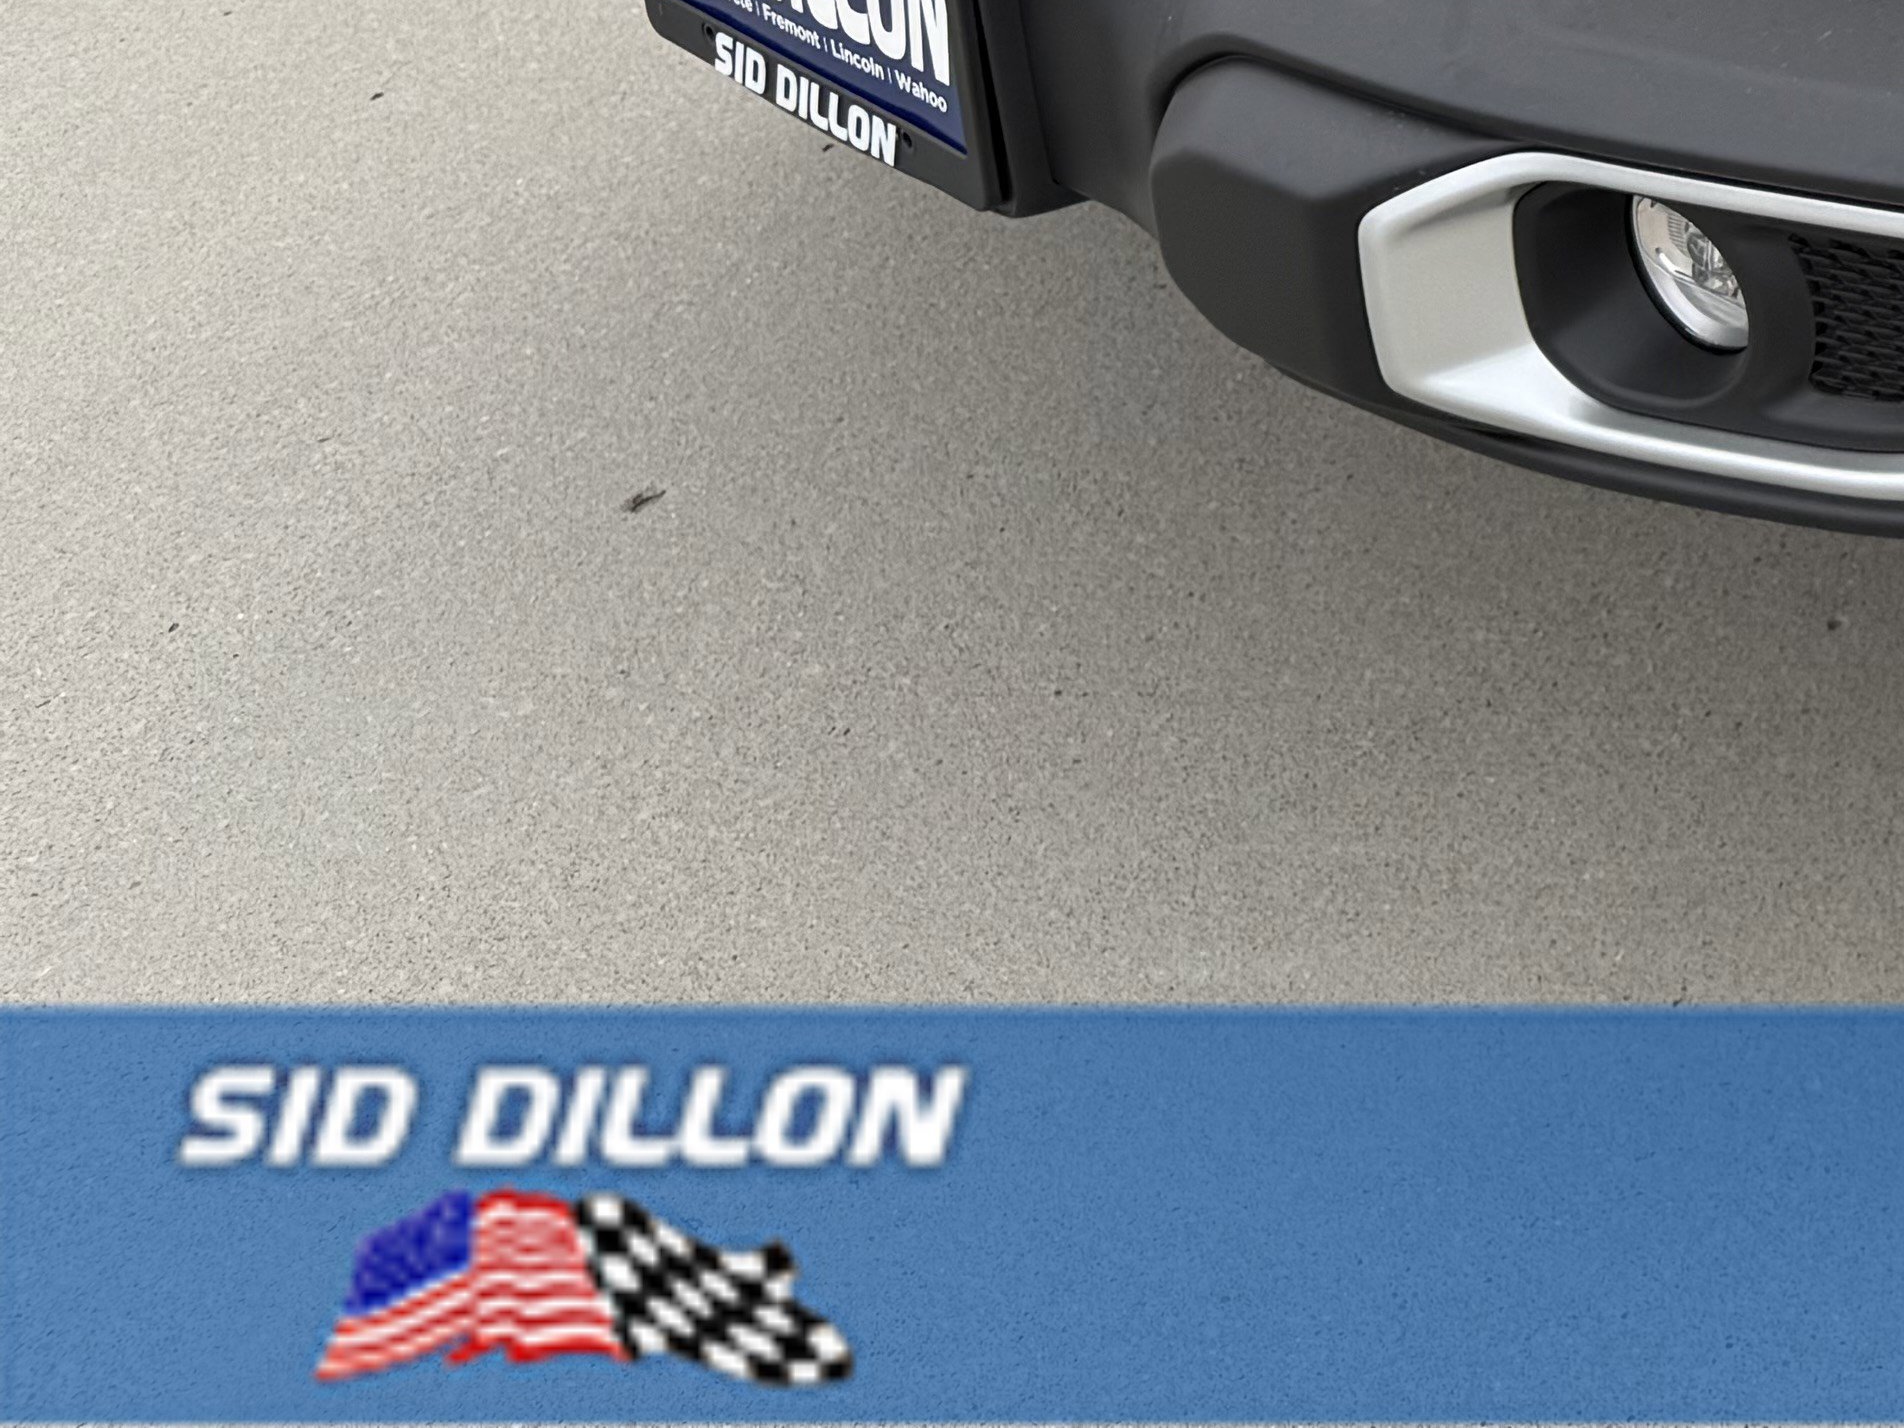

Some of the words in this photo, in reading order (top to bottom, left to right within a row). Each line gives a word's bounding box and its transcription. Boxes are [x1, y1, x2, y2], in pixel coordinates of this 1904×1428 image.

[714, 32, 767, 96] SID
[775, 69, 898, 167] DILLON
[762, 3, 821, 49] Fremont
[829, 38, 885, 81] Lincoln
[894, 69, 948, 113] Wahoo

------------------------------------

**What you should do**
Make a word-for-word copy of the entries, without any pictures.

**Exercise output**
Some of the words in this photo, in reading order (top to bottom, left to right within a row). Each line gives a word's bounding box and its transcription. Boxes are [x1, y1, x2, y2], in pixel coordinates of this 1904×1428 image.

[714, 32, 767, 96] SID
[775, 69, 898, 167] DILLON
[762, 3, 821, 49] Fremont
[829, 38, 885, 81] Lincoln
[894, 69, 948, 113] Wahoo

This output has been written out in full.